# Activity
Only the text should be kept: print every entry below exactly and leave each image out.
── Data to examine
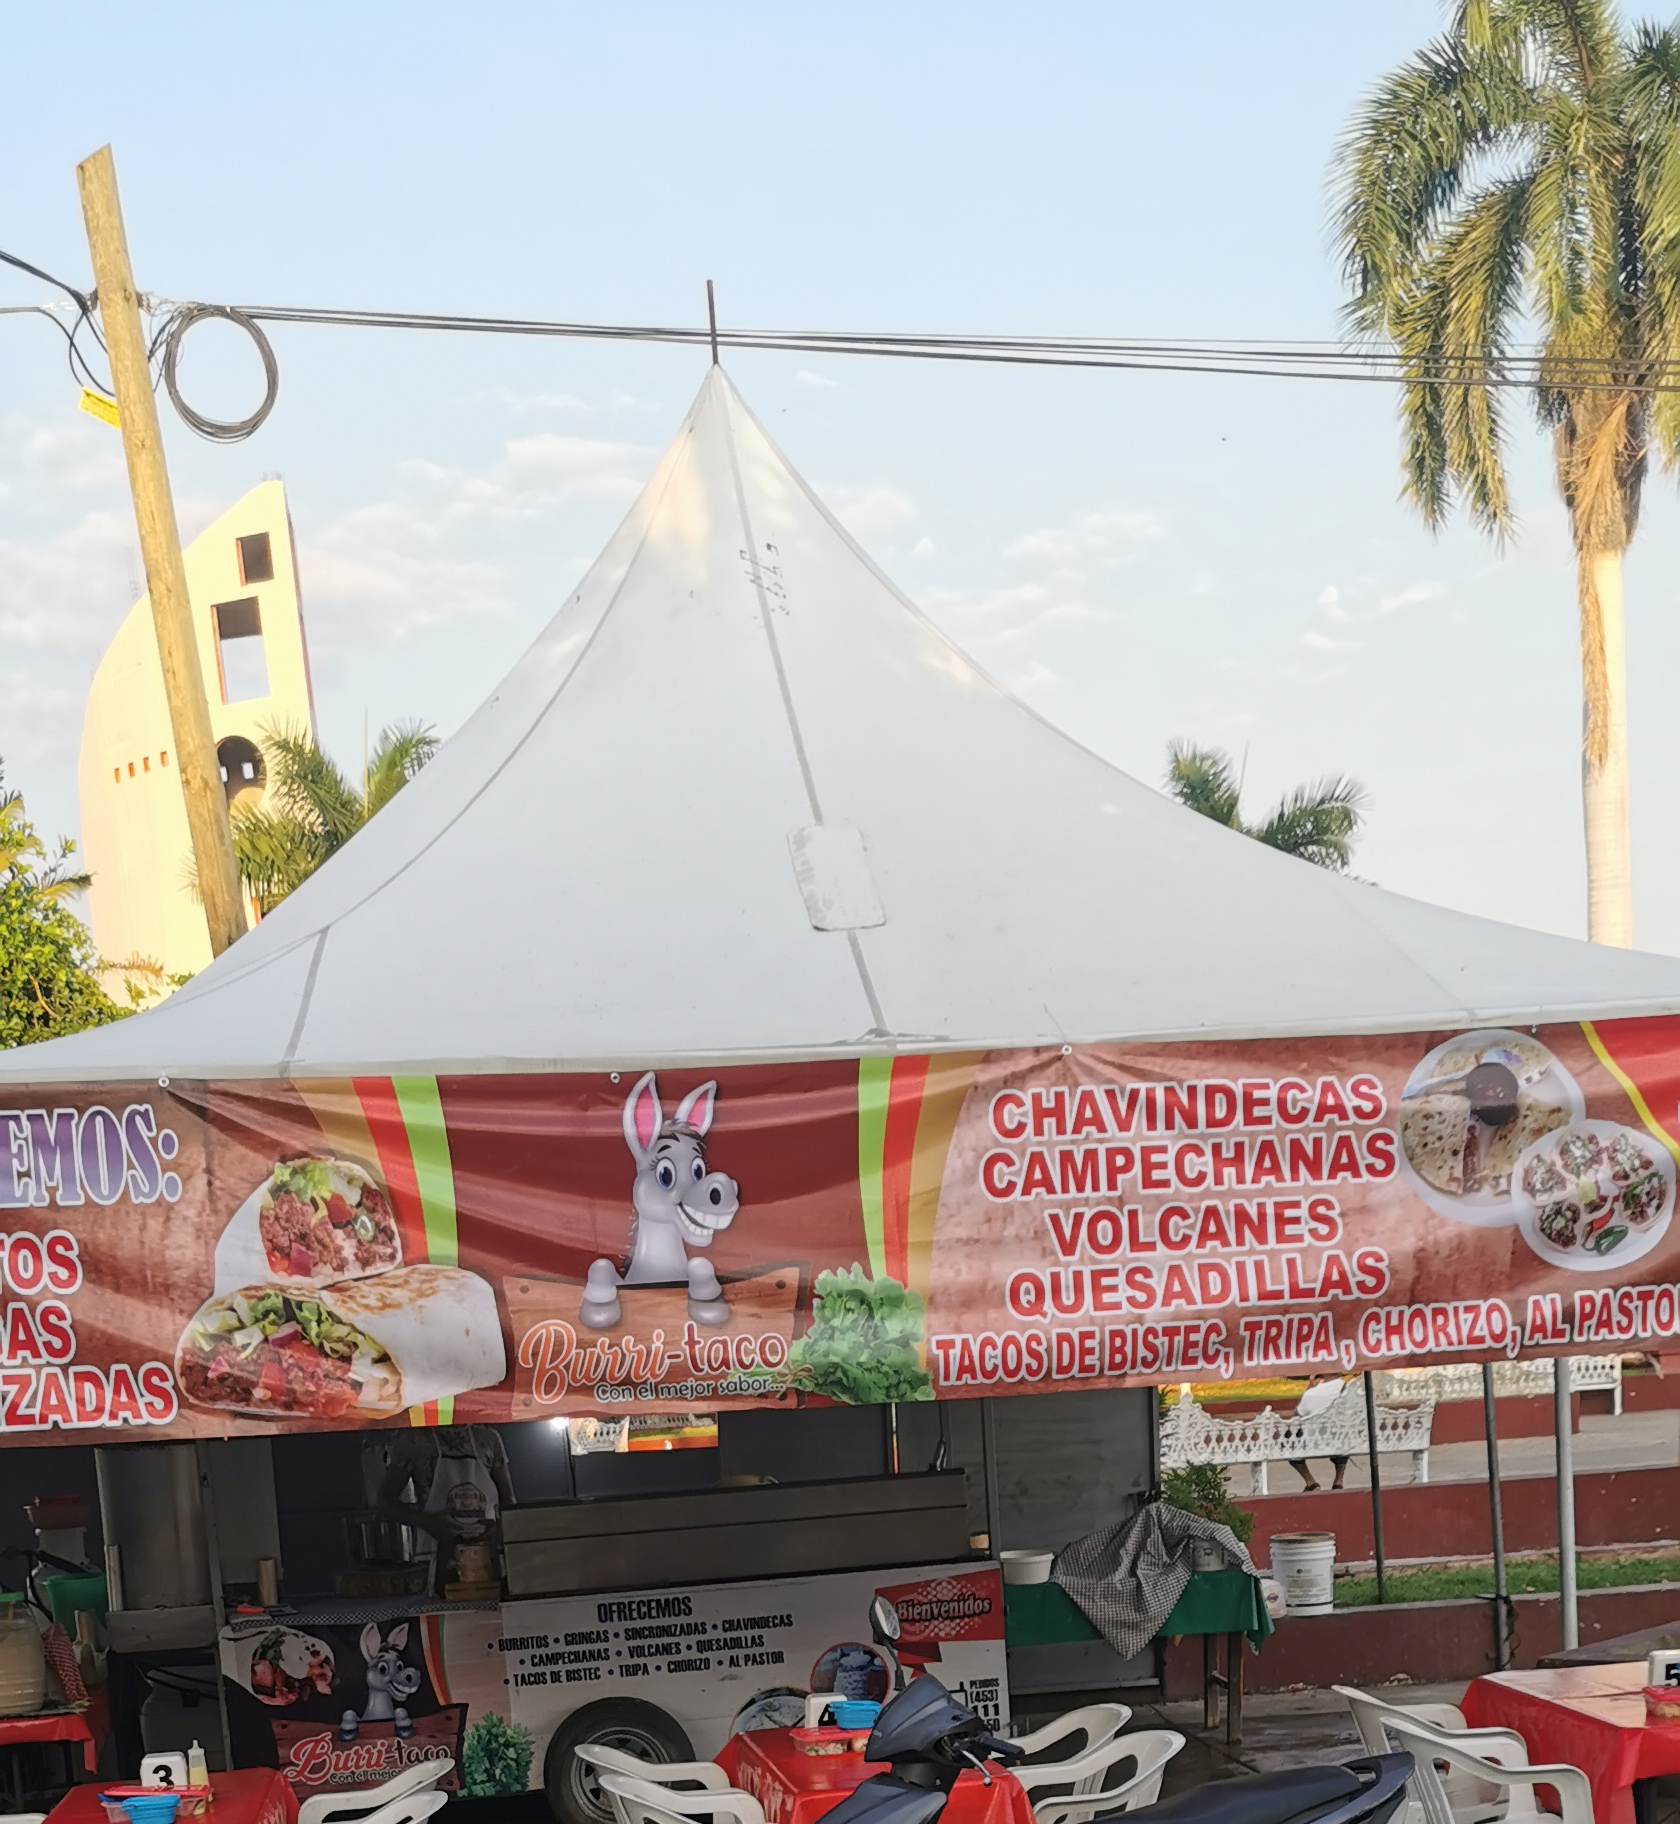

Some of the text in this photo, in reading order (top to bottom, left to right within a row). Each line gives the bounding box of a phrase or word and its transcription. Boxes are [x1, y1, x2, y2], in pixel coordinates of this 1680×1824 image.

[991, 1074, 1383, 1141] CHAVINDECAS
[981, 1127, 1398, 1202] CAMPECHANAS
[1046, 1197, 1342, 1260] VOLCANES
[1005, 1248, 1389, 1322] QUESADILLAS
[933, 1328, 1047, 1386] TACOS
[1051, 1326, 1100, 1379] DE
[1103, 1318, 1233, 1380] BISTEC,
[1359, 1297, 1519, 1360] CHORIZO,
[1524, 1293, 1570, 1347] AL
[1573, 1283, 1680, 1342] PASTO
[519, 1320, 788, 1404] Burri-taco
[593, 1375, 785, 1403] Con el mejor sabor...
[597, 1596, 693, 1623] OFRECEMOS
[897, 1594, 991, 1620] Bienvenidos
[498, 1614, 793, 1652] BURRITOS GRINGAS SINCRONIZADAS CHAVINDECAS
[530, 1635, 765, 1667] CAMPECHANAS VOLCANES QUESADILLAS
[513, 1651, 784, 1687] TACOS DE BISTEC TRIPA CHORIZO AL PASTOR
[1664, 1663, 1680, 1687] 5
[970, 1688, 999, 1704] (453)
[152, 1764, 175, 1790] 3
────
# Solution
Some of the text in this photo, in reading order (top to bottom, left to right within a row). Each line gives the bounding box of a phrase or word and its transcription. Boxes are [x1, y1, x2, y2], in pixel coordinates of this 1680×1824 image.

[991, 1074, 1383, 1141] CHAVINDECAS
[981, 1127, 1398, 1202] CAMPECHANAS
[1046, 1197, 1342, 1260] VOLCANES
[1005, 1248, 1389, 1322] QUESADILLAS
[933, 1328, 1047, 1386] TACOS
[1051, 1326, 1100, 1379] DE
[1103, 1318, 1233, 1380] BISTEC,
[1359, 1297, 1519, 1360] CHORIZO,
[1524, 1293, 1570, 1347] AL
[1573, 1283, 1680, 1342] PASTO
[519, 1320, 788, 1404] Burri-taco
[593, 1375, 785, 1403] Con el mejor sabor...
[597, 1596, 693, 1623] OFRECEMOS
[897, 1594, 991, 1620] Bienvenidos
[498, 1614, 793, 1652] BURRITOS GRINGAS SINCRONIZADAS CHAVINDECAS
[530, 1635, 765, 1667] CAMPECHANAS VOLCANES QUESADILLAS
[513, 1651, 784, 1687] TACOS DE BISTEC TRIPA CHORIZO AL PASTOR
[1664, 1663, 1680, 1687] 5
[970, 1688, 999, 1704] (453)
[152, 1764, 175, 1790] 3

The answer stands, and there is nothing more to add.